Pretty much everyone in class soon switched to using Everclear.
I stick with high-concentration rubbing alcohol, or I just buy Everclear from the liquor store. Everclear is food-grade, though I never have tried to actually consume it. Wisconsin at least used to sell it up to 98% pure (196 proof IIRC) though I believe many other states only allow 180 or 190 proof.
If you can get straight grain alcohol like that it might be your best bet as far as purity is concerned.
In California the strongest that can be legally sold for beverage purposes is 151 proof, or only about 75% alcohol (leaving about 25% water.)
Pure unpoisoned food grade alcohol is certainly best, but is also very expensive.
It is expensive because it is taxed a lot at various stages.
Most of the cost of alcohol is taxes, some taxes in creating it, and taxes federal and state selling it. The cost of "cheap" beverage alcohol is typically from 50% to 90+% taxes depending on additional state taxes. However additional taxes also exist for the manufacturer.
For example here is industrial 190 proof alcohol prices:
http://www.ethanolmarket.com/industrialethanol.html
Ethanol prices per gallon are extremely cheap.
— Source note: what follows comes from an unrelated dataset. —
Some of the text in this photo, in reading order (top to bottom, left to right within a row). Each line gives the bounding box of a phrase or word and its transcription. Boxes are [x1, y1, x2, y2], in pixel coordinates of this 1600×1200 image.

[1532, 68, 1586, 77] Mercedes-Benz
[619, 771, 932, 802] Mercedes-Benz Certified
It is made primarily from corn in the USA. Denatured fuel ethanol being around $1.50 a gallon ($1.60 is says as I write this.)
Almost the same process is used to create cheap beverage alcohol, but they don't add the poison, and they must pay more to process it under the proper licenses.
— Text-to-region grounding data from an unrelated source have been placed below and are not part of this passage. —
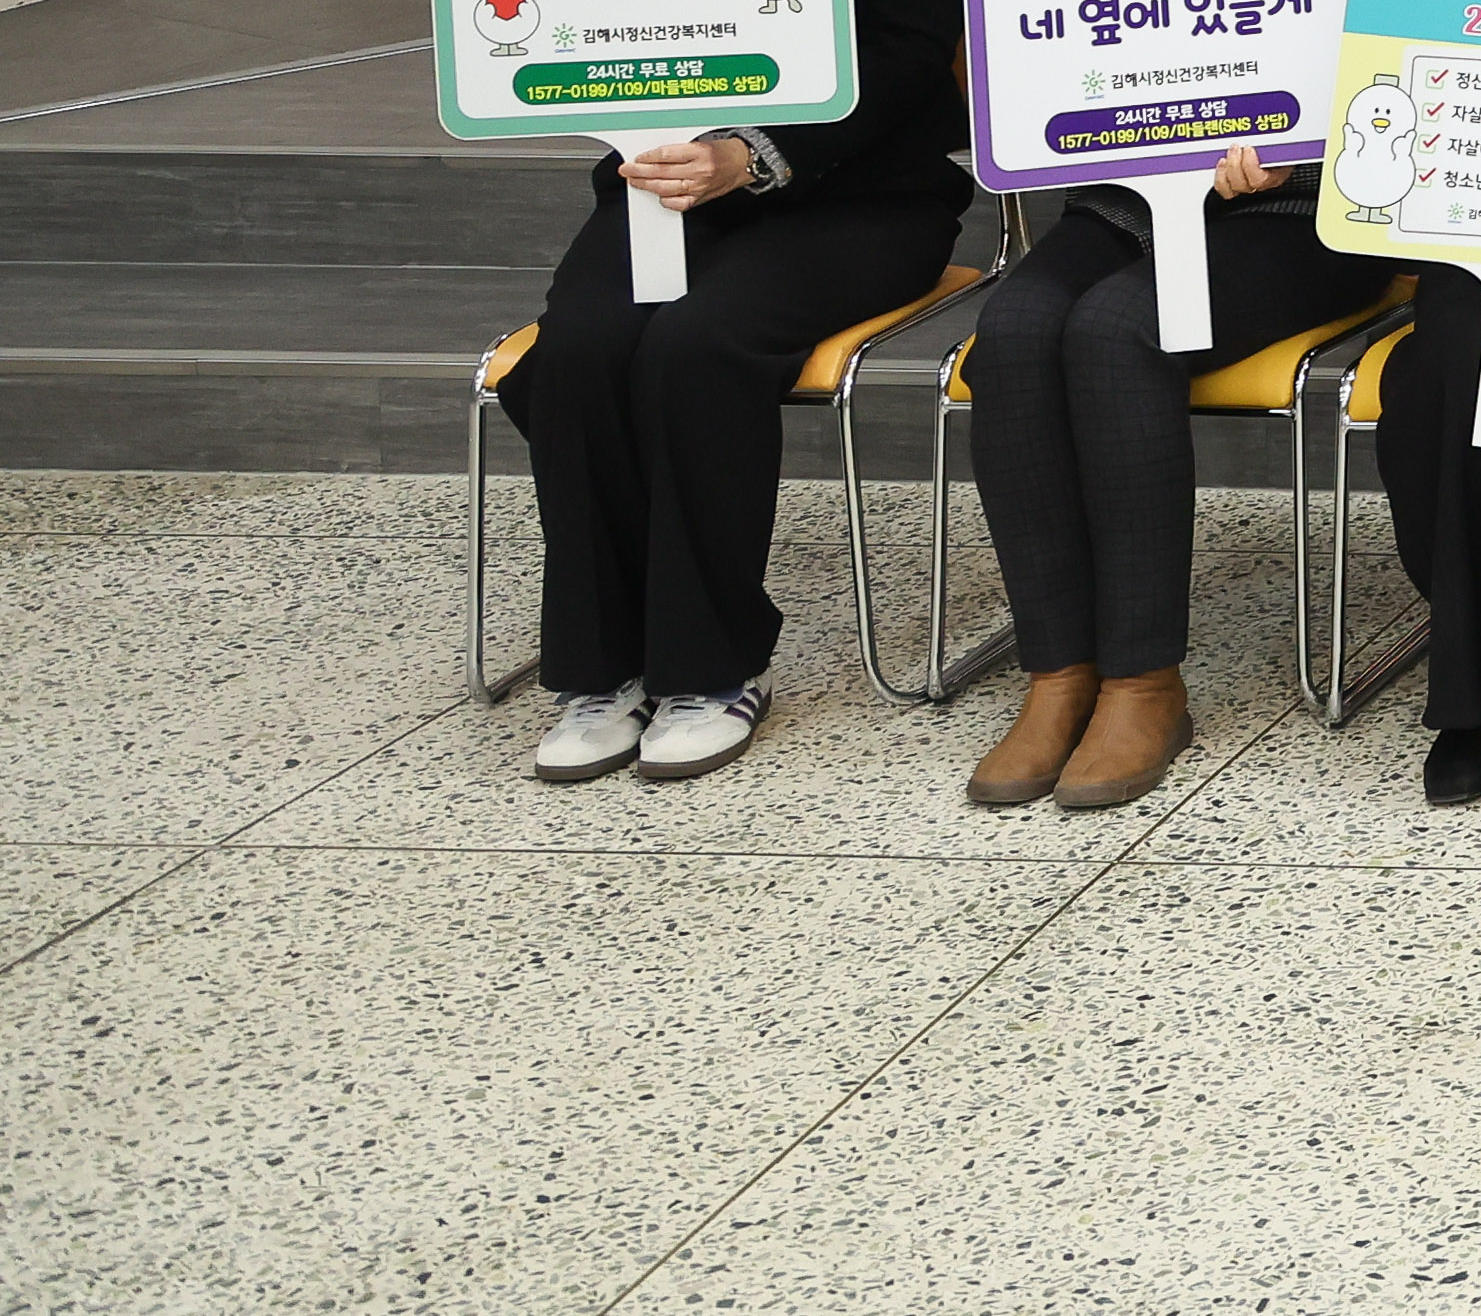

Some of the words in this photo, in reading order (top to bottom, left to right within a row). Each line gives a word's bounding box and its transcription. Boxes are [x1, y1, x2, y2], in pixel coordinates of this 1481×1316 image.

[582, 22, 737, 44] 김해시정신건강복지센터
[1019, 8, 1065, 40] 네
[586, 63, 638, 80] 24시간
[639, 61, 670, 77] 무료
[673, 58, 704, 77] 상담
[1111, 60, 1259, 89] 김해시정신건강복지센터
[526, 78, 727, 101] 1577-0199/109/마들랜(SNS
[733, 75, 768, 94] 상담)
[1114, 107, 1162, 125] 24시간
[1165, 104, 1195, 121] 무료
[1198, 100, 1228, 118] 상담
[1057, 116, 1251, 150] 1577-0199/109/마들랜(SNS
[1255, 112, 1289, 131] 상담)
Now compare that cost to what retail food grade 190 proof costs.
You certainly are not likely to find an entire gallon of 190 proof even sold.
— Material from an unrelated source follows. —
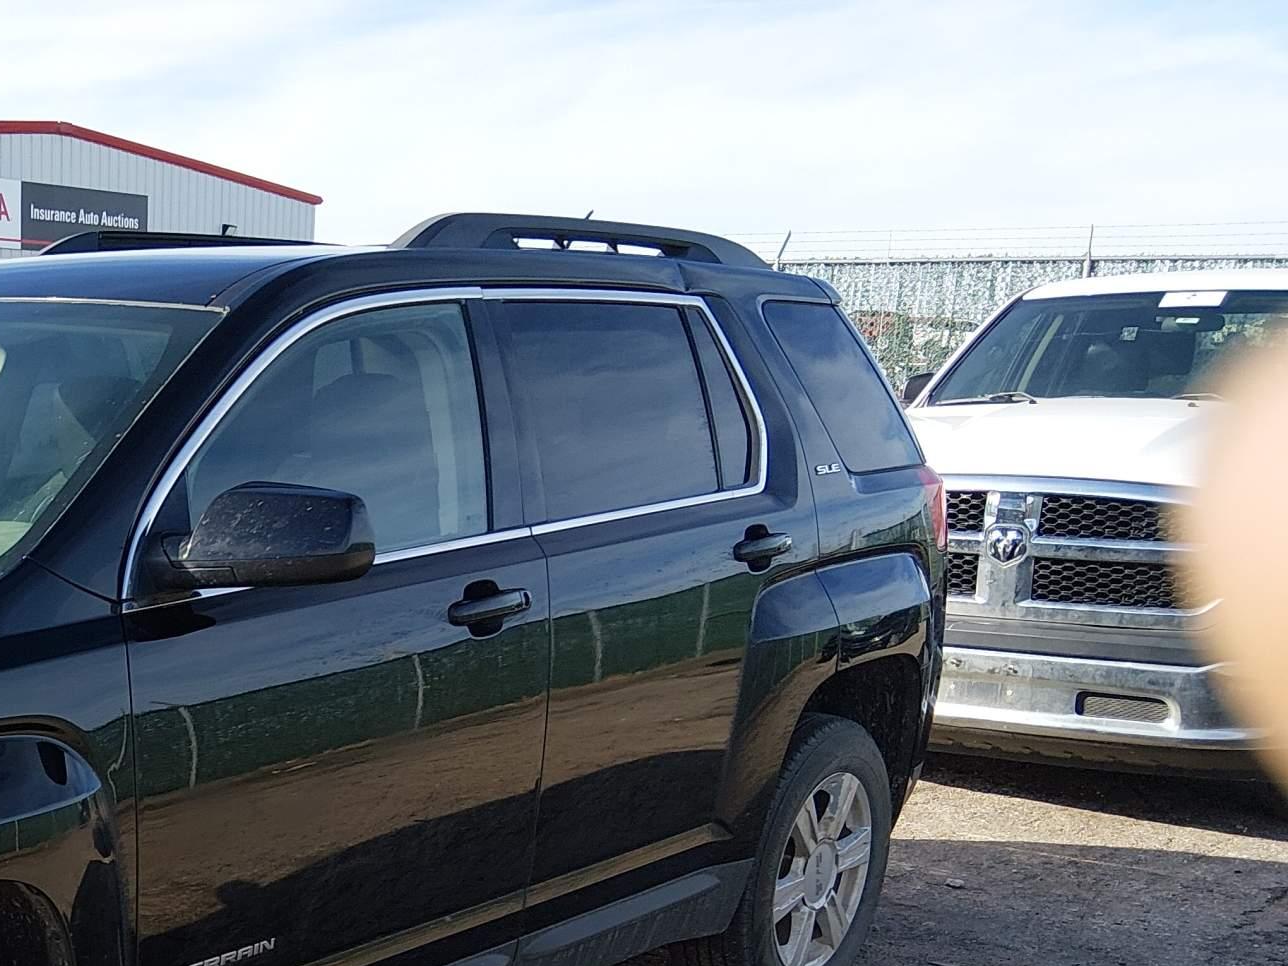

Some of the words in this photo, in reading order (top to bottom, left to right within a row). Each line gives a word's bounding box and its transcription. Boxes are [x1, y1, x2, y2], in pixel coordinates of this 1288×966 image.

[30, 203, 77, 224] Insurance
[78, 208, 99, 226] Auto
[100, 210, 139, 230] Auctions
[815, 463, 841, 475] SLE
Consider your typical 750ml alcohol bottle. 25.36 US fluid ounces is 750ml.
There is 128 fluid ounces in a gallon.
It would take over 5 typical 750ml bottles to make one gallon.
Yet each one of those 750ml bottles is going to cost several times what an entire gallon of the poisoned stuff costs.
The percentage of cost increase is mind boggling. Thousands of percent for the same product without poison added.
If beverage alcohol was unrestricted most of the cost of the cheap grain alcohol would be stemming from bottling and shipping costs (and marketing). It would be similar in price to soda.
The cost is artificially high to reduce consumption, and to fill the coffers of government.
I have run into this issue making perfumes and food/flavoring extracts (where the alcohol is evaporated off and is not contained in the final product) which require the beverage stuff.
190+proof alcohol and diethyl ether are the primary food quality solvents used industrially to produce food quality products.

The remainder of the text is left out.